Print each record below precisely, with every picture left out of the copy.

── Given entries ──

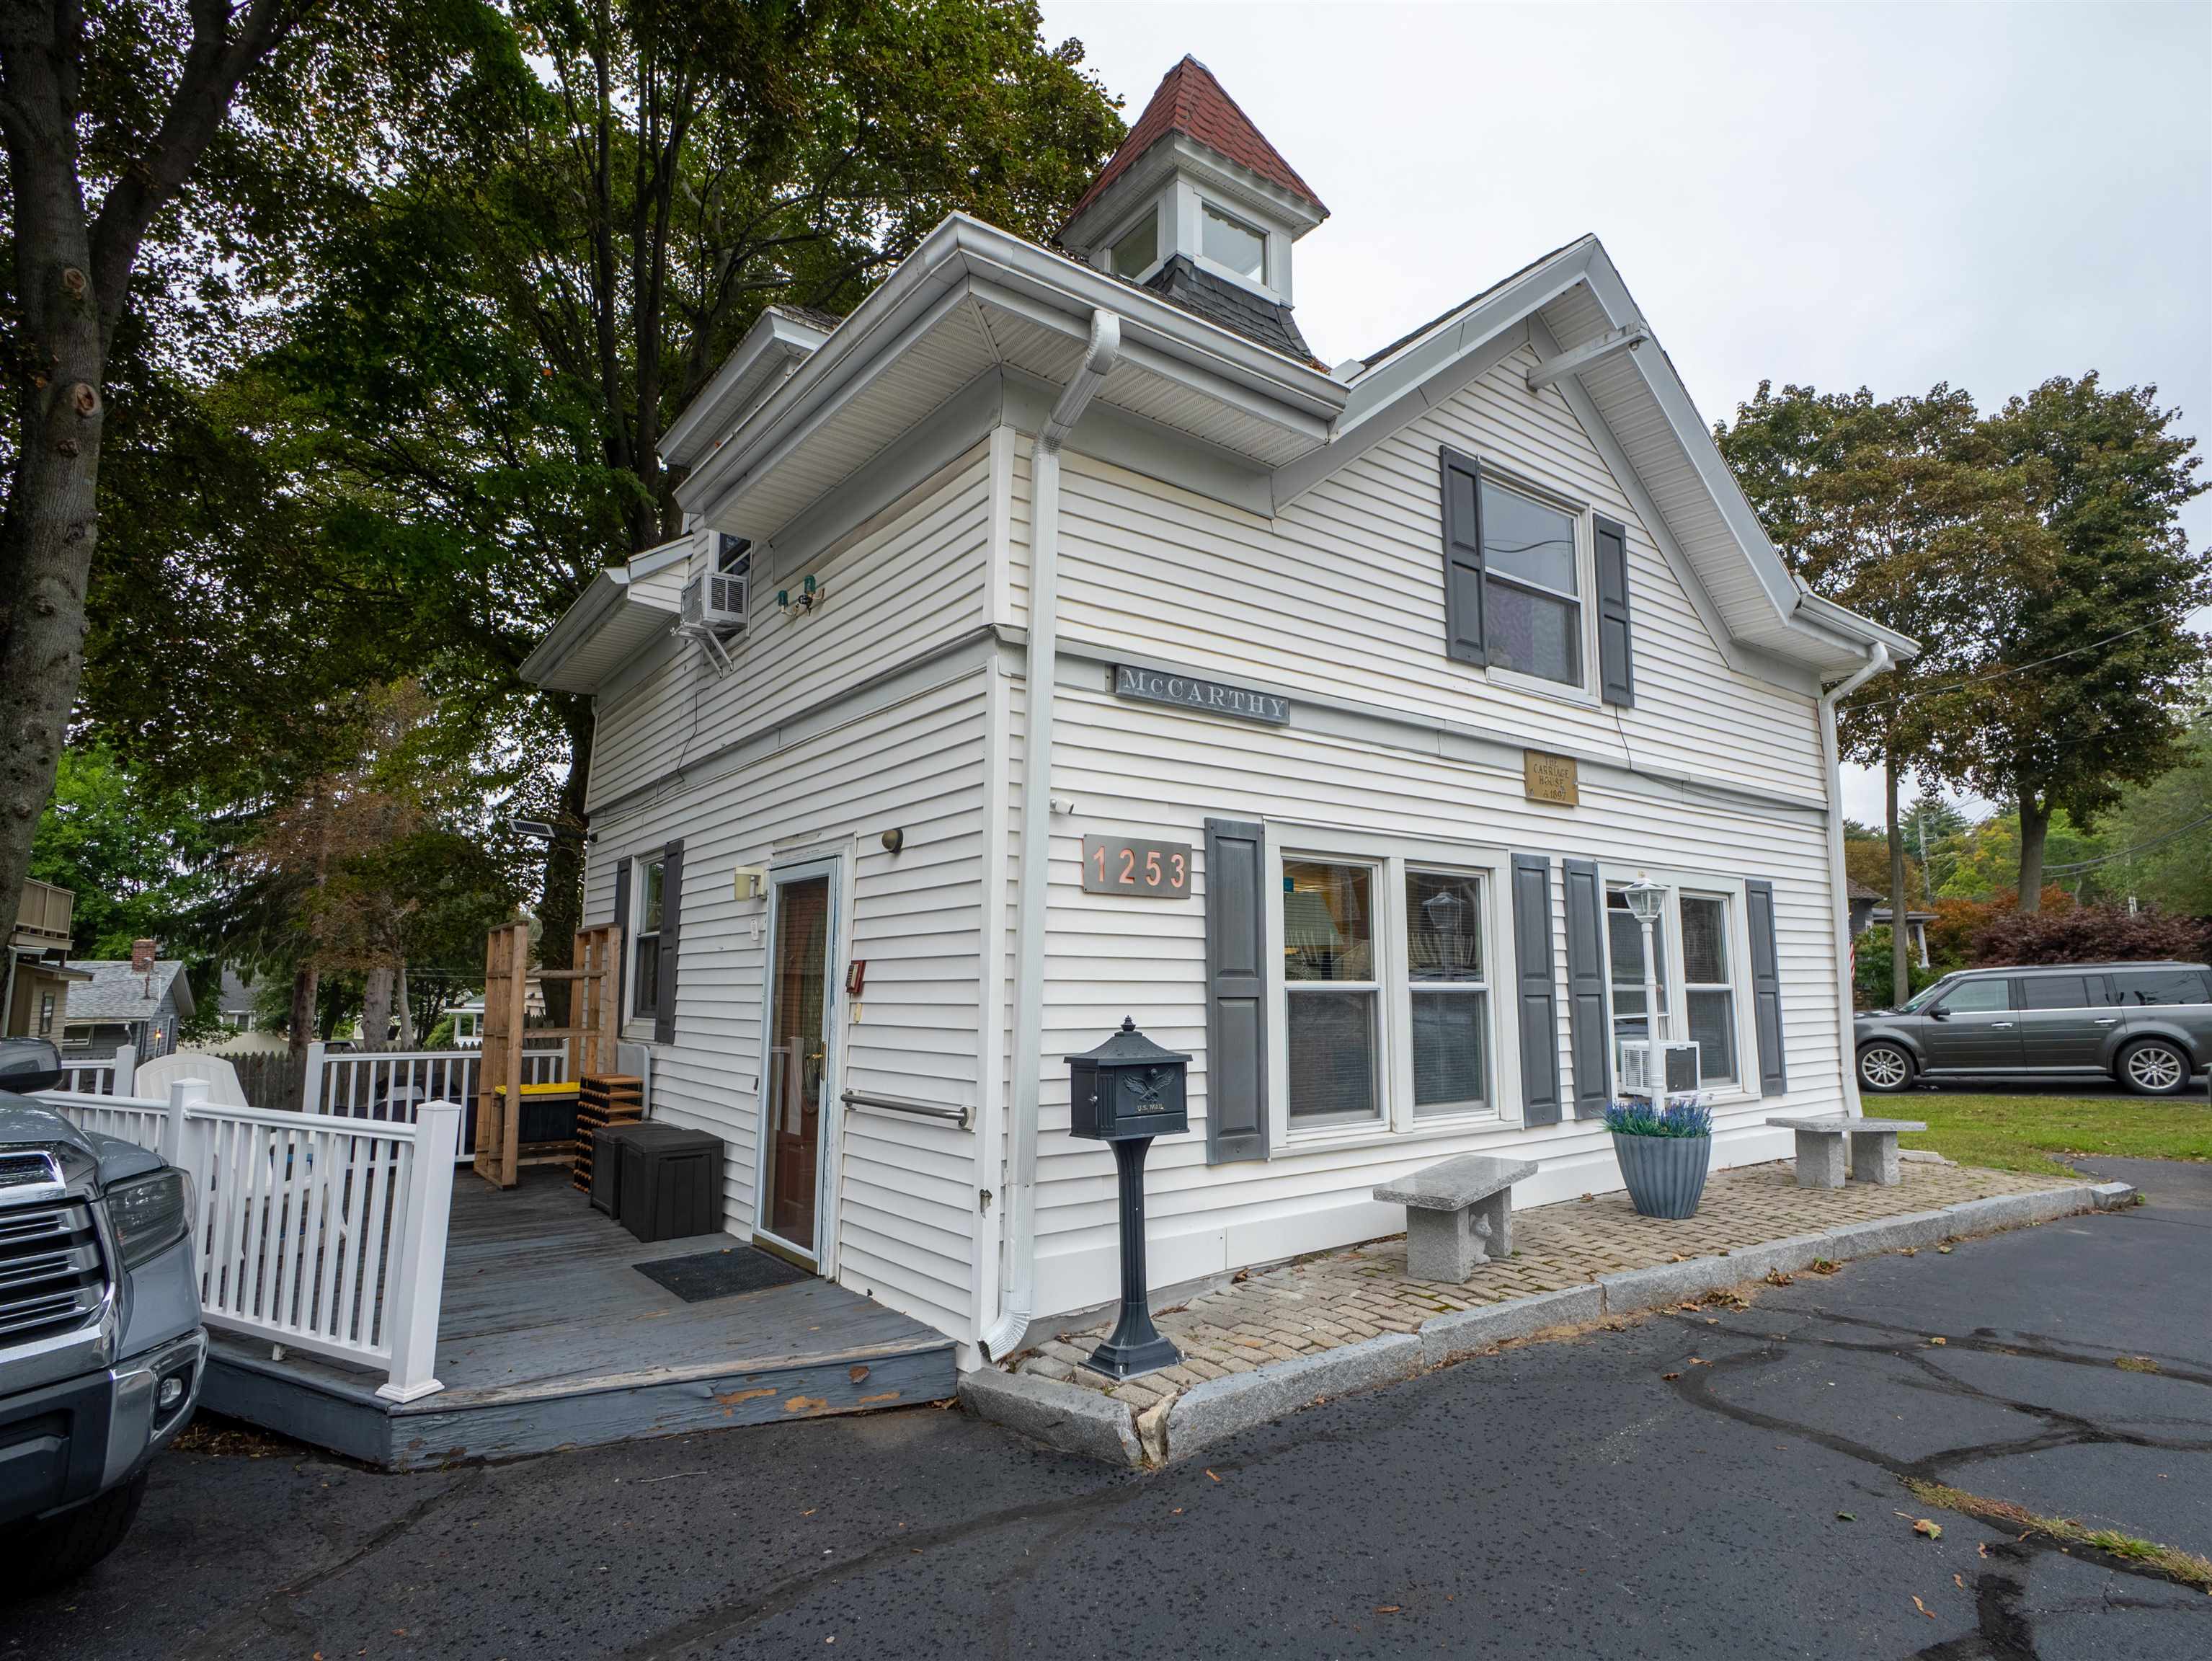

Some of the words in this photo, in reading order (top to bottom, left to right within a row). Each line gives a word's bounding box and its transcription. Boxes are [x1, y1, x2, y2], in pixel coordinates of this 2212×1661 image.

[1533, 763, 1570, 779] CARRIAGE
[1539, 775, 1563, 787] HOUSE
[1093, 845, 1185, 888] 1253
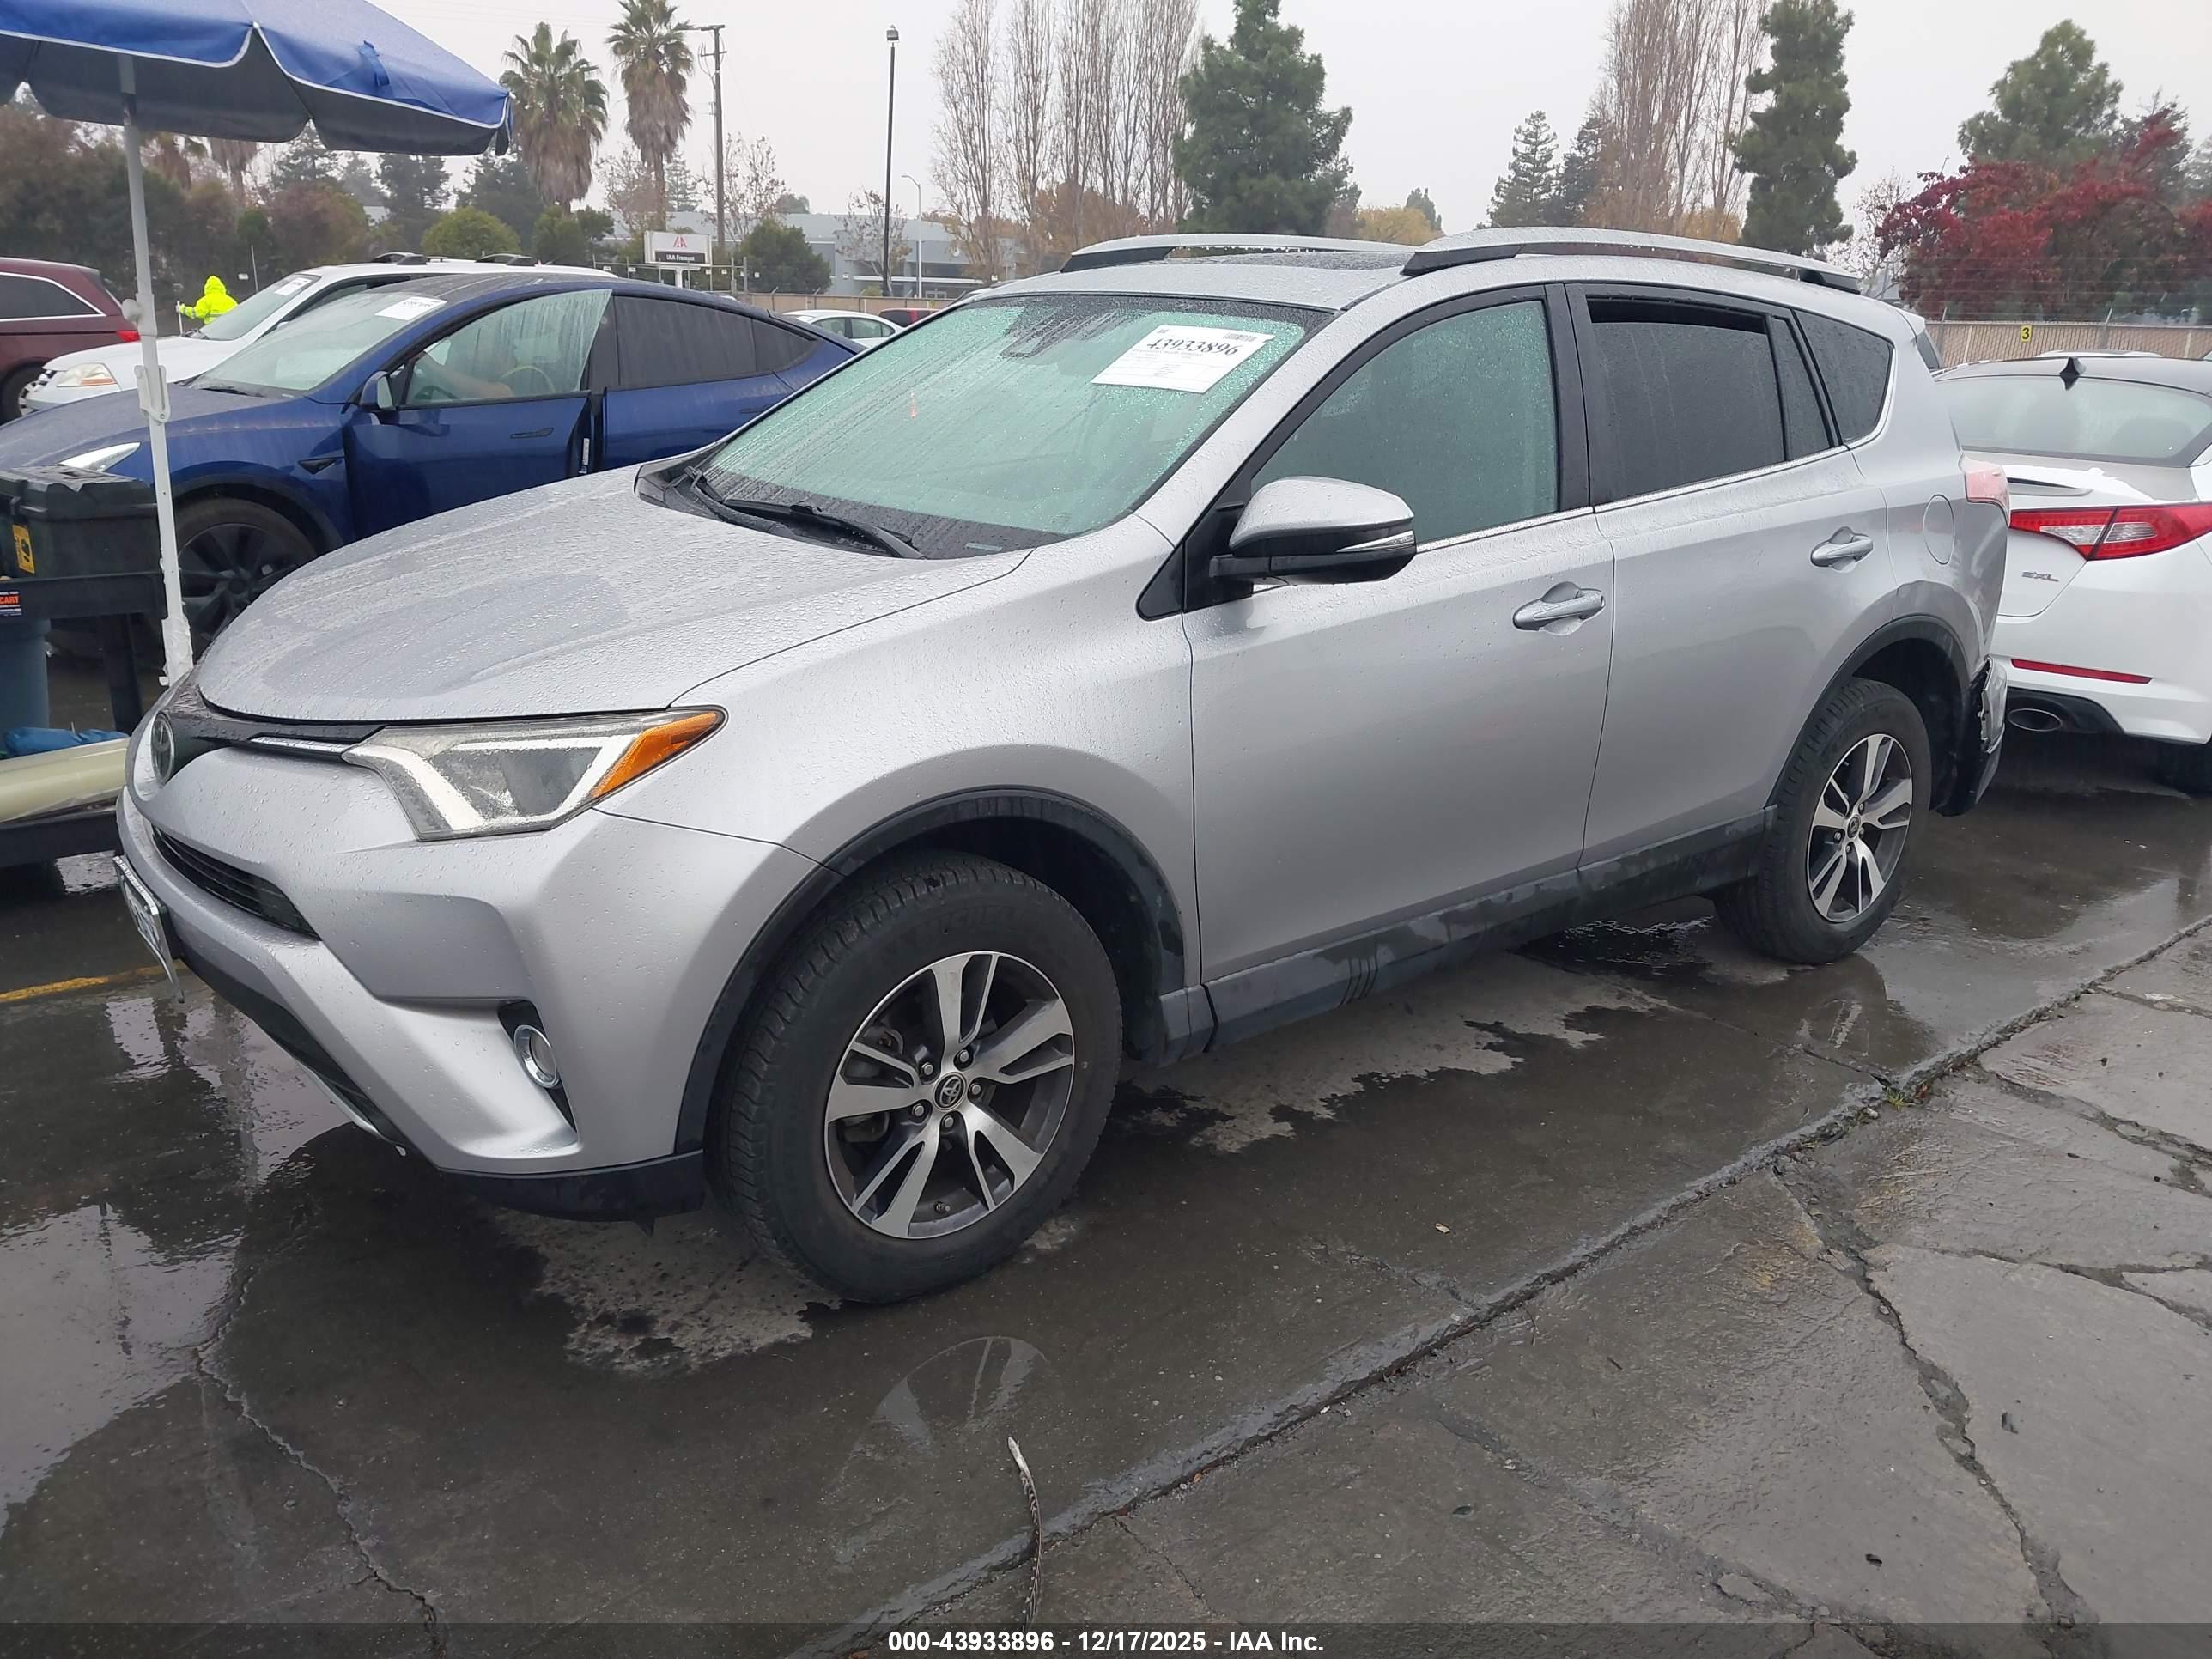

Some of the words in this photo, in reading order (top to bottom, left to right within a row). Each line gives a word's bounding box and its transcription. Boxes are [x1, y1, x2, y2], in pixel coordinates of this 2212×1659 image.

───

- [Solution to this exercise]:
Some of the words in this photo, in reading order (top to bottom, left to right within a row). Each line gives a word's bounding box and its transcription. Boxes are [x1, y1, x2, y2], in pixel coordinates of this 2212×1661 image.

[1533, 763, 1570, 779] CARRIAGE
[1539, 775, 1563, 787] HOUSE
[1093, 845, 1185, 888] 1253

Some of the words in this photo, in reading order (top to bottom, left to right within a row). Each line gives a word's bounding box and its transcription. Boxes are [x1, y1, x2, y2], in pixel coordinates of this 2212×1659 image.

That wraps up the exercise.